Any idea as to what / how I can acknowledge all of this in a nice, "token of acknowledgment" sort of way? They are going away this weekend to london for a trip so I wonder if I get something towards that? Flowers seem a bit thoughtless?

Any ideas gratefully received.

OP posts:
champagnetruffleshuffle · 07/07/2022 04:04

Are they staying in a hotel? You could arrange for a bottle of prosecco for their room? They may be understated, but if she is the type of person that helps others a lot, it would be a lovely surprise to be spoilt like that.

ReeseWitherfork · 07/07/2022 04:10

Congratulations on the baby OP. Your friend sounds lovely*. Sometimes a “thank you” is the best thing you can do to show you’re grateful. So perhaps just send a card.

*I’m going to caveat this by saying sometimes people go a little OTT and it ends up uncomfortable. Especially if you then start feeling guilty about reciprocating. And it’s hard to acknowledge that without sounding ungrateful. I just wanted you to know that if she’s made you feel this way then I think that’s perfectly normal.

daisychain01 · 07/07/2022 04:24

I’m going to caveat this by saying sometimes people go a little OTT and it ends up uncomfortable. Especially if you then start feeling guilty about reciprocating.

I agree with this bit ^

Im going to sound awful I know, but actually I'd find this person OTT.
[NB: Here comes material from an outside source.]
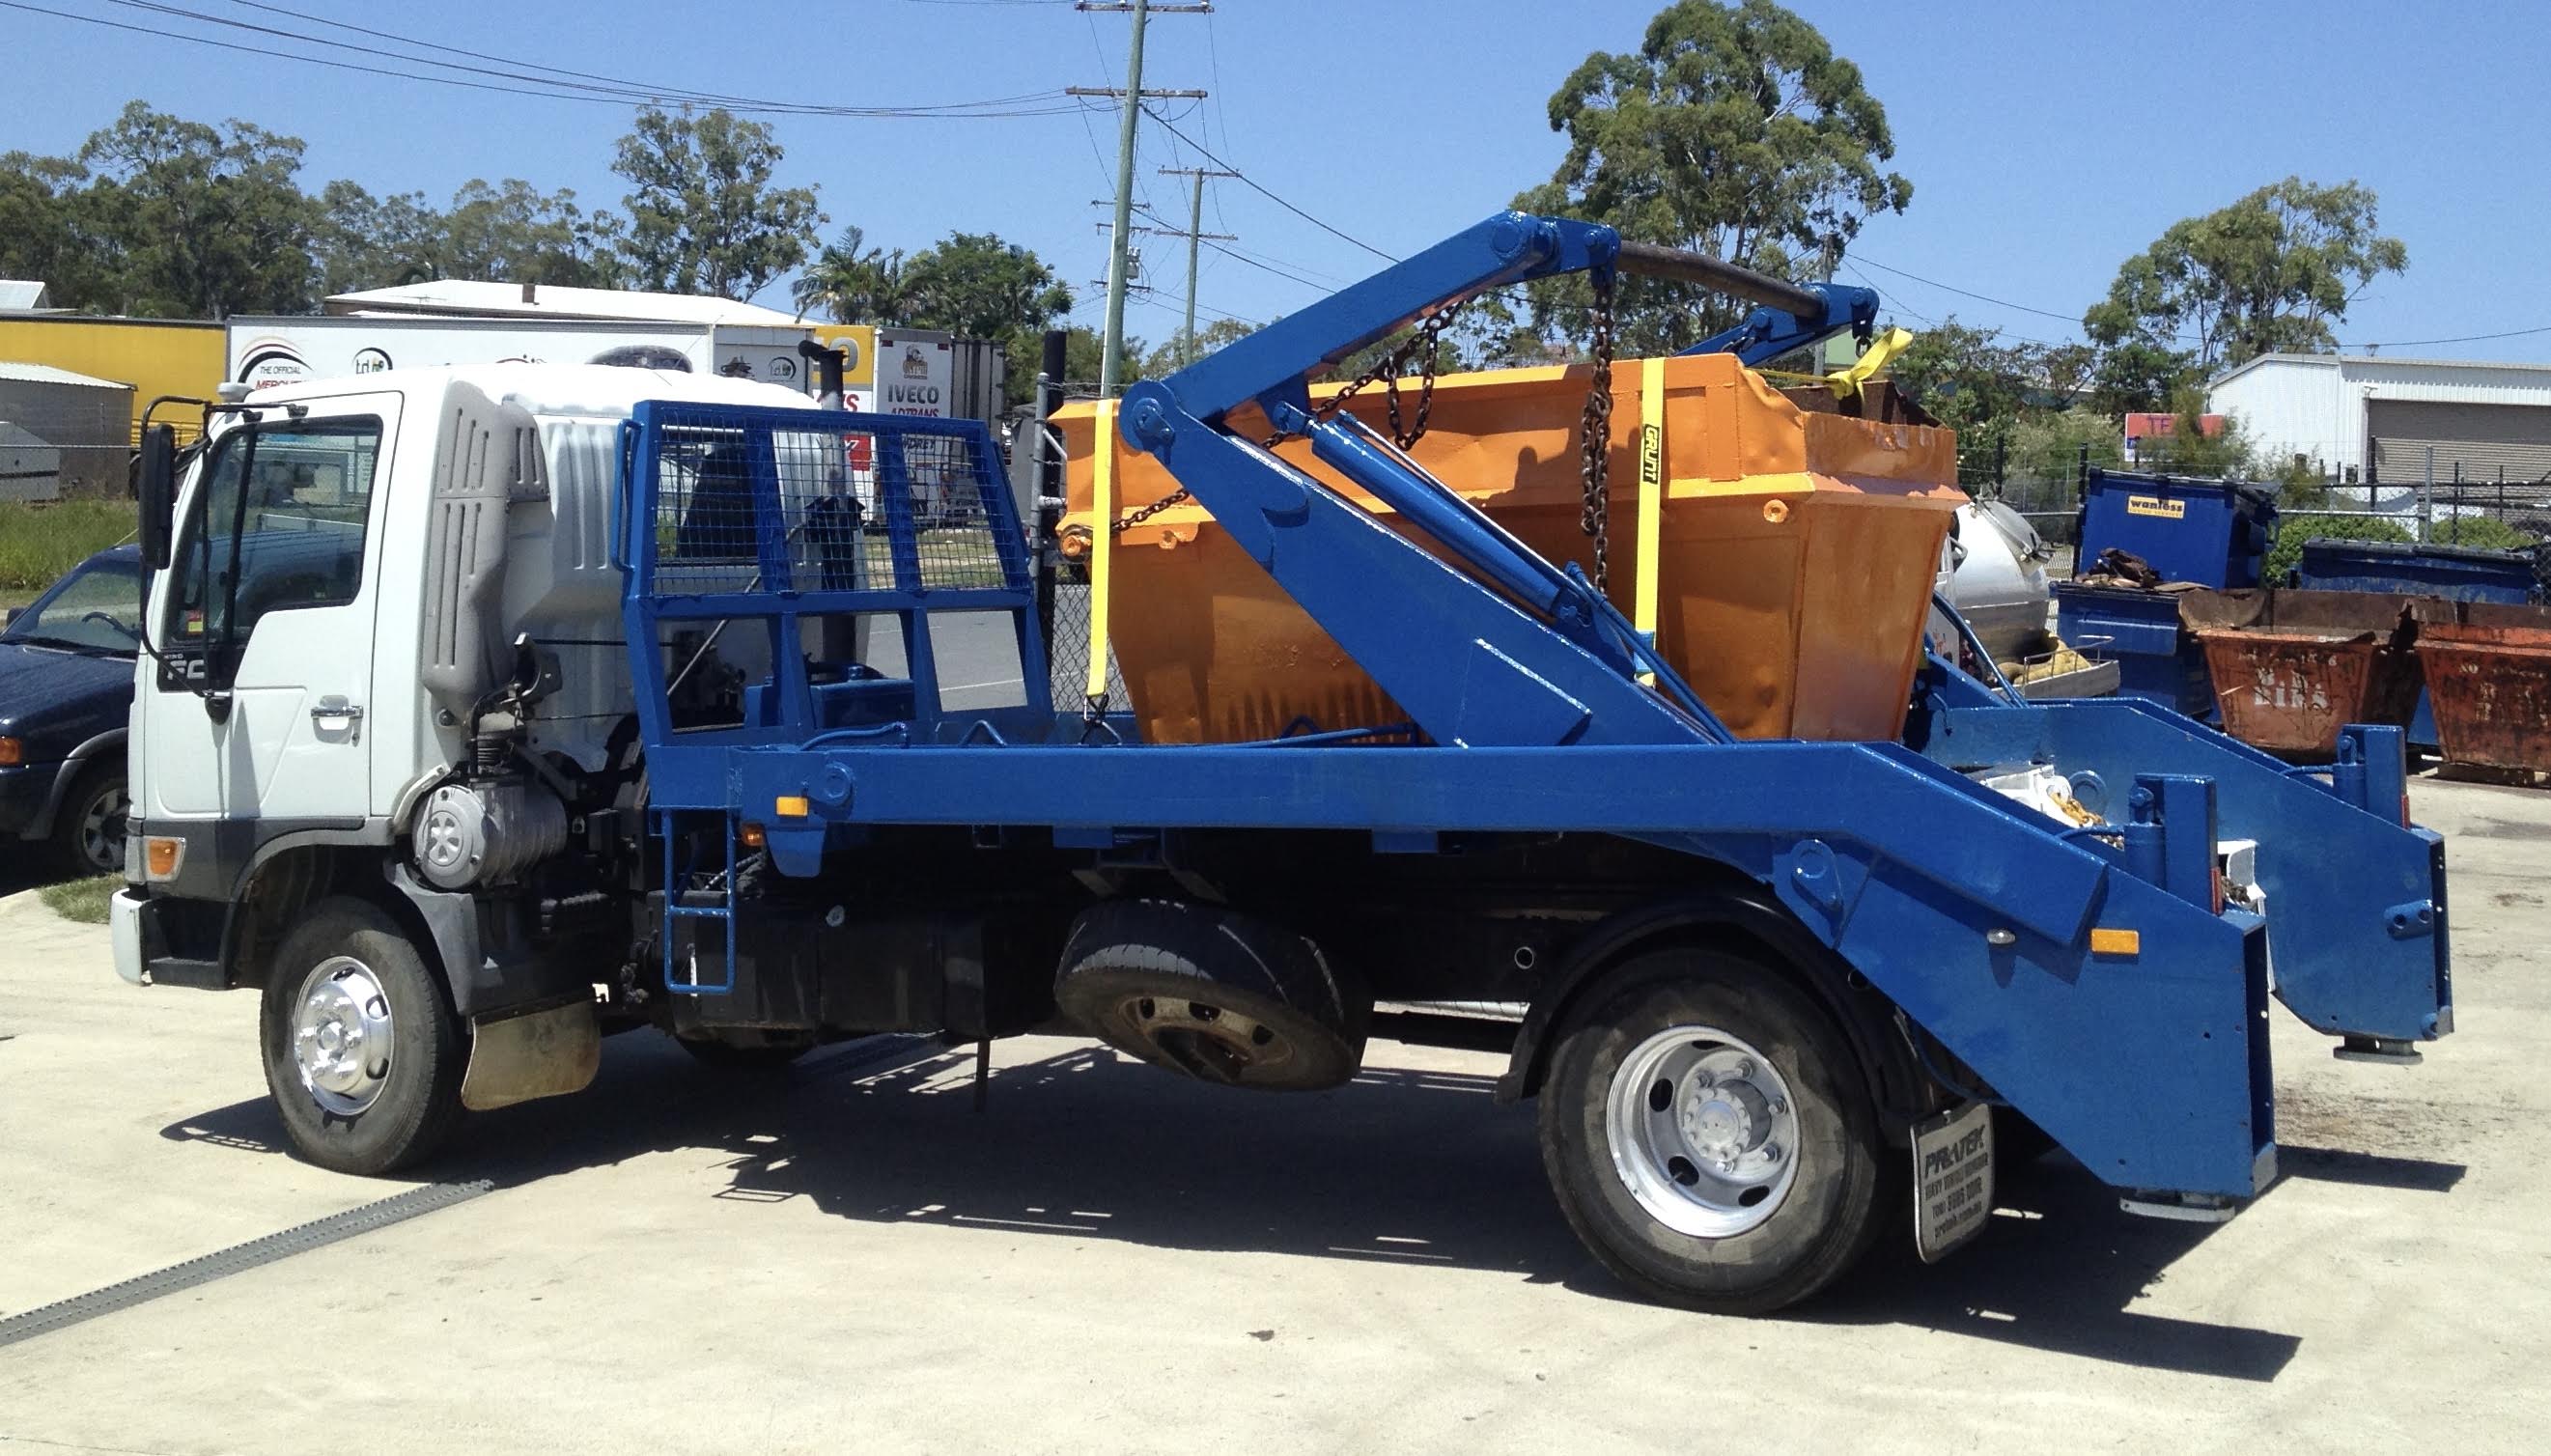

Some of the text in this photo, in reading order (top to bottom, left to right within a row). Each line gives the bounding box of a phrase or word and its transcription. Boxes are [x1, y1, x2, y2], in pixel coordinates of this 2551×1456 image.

[260, 366, 301, 375] THE OFFICIAL
[888, 385, 939, 404] IVECO
[2130, 500, 2183, 512] wanless
Leaving 5-6 meals and then a further 2 lasagnes plus gift, seems too much imo, especially as you hardly know her. The first gesture is OK but how long is this going to continue for, would be my reaction. I'd be wanting to say "thanks so much but it's OK now you don't have to keep going".
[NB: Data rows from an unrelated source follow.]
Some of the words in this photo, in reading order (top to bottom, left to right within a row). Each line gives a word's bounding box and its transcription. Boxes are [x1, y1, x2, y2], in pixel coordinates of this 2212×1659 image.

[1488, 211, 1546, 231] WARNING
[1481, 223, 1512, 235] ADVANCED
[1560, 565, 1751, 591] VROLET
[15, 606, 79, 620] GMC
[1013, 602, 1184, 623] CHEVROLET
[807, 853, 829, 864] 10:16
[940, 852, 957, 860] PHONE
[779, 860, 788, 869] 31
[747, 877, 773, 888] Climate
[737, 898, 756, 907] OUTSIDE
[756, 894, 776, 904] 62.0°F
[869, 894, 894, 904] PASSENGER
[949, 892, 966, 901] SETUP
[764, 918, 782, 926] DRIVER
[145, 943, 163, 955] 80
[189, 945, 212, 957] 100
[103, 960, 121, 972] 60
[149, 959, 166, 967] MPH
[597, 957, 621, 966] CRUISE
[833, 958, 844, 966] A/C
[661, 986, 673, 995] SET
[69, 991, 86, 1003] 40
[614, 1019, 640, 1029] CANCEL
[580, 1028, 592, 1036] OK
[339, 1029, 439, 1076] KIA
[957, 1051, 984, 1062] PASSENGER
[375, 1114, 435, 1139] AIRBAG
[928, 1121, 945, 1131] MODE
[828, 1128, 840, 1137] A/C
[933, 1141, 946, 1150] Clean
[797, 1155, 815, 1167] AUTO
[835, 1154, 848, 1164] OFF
it makes me think this person is a bit "try too hard" and imposing, especially as you're now already thinking you need to reciprocate and under some obligation. It's not as if she is close family. It would also make me wonder with such flourishes of generosity, are you in for a disappointment... I've known of people who can't keep it up, they start big and then it all tails off and they're on to the next new friend. Hence why I'm somewhat dubious about this.

ColdColdHart · 07/07/2022 06:18

She's doing practical things for you. Are there practical things you could do for her or help her with?

Bertieboo82 · 07/07/2022 06:41

Hand written card

3 month subscription to Freddie’s flowers

VioletCharlotte · 07/07/2022 06:51

I would send a card and put some thought into writing a message thanking her for her kindness. Flowers are always nice to receive. She sounds lovely.

Billylilly · 07/07/2022 10:46

I don’t think you need to overdo it and do a big, grand gestures. I think flowers and a card (personally delivered) is perfect.

Mountainpika · 07/07/2022 17:00

Flowers and a card and say that when the opportunity arises you will pass on the kindness to someone else.

CharlesIsQueensHorcrux · 08/07/2022 09:54

I agree a handwritten card is enough. Flowers too if you want but not necessary. I like @Mountainpika’s message about paying it forward

Gerwurtztraminer · 08/07/2022 11:35

Card and a pretty pot plot? Like an beautiful orchid or other flowering plant. Last longer, more understated than big bunch of flowers. Or a big, pretty looking candle.

Gerwurtztraminer · 08/07/2022 11:36

Grr.. typo = "pot plant"

Rwealere · 08/07/2022 11:52

I have a friend like this. Known her for years. It’s how she thrives. I’ve rarely been able to reciprocate. I even took her out for lunch once and somehow she managed to get her own way and pay!

NoSquirrels · 08/07/2022 11:55

ColdColdHart · 07/07/2022 06:18

She's doing practical things for you. Are there practical things you could do for her or help her with?

This was what I was going to say - she’s showing support with deeds, so likely would prefer that as a thank you. A cake ir a meal on her return from being away?

OurChristmasMiracle · 08/07/2022 13:53

maybe a thank you card and a box of chocolates/wine/bubble bath to say how much you appreciate all that she’s doing for you?

I think little thoughtful gestures often mean a lot more.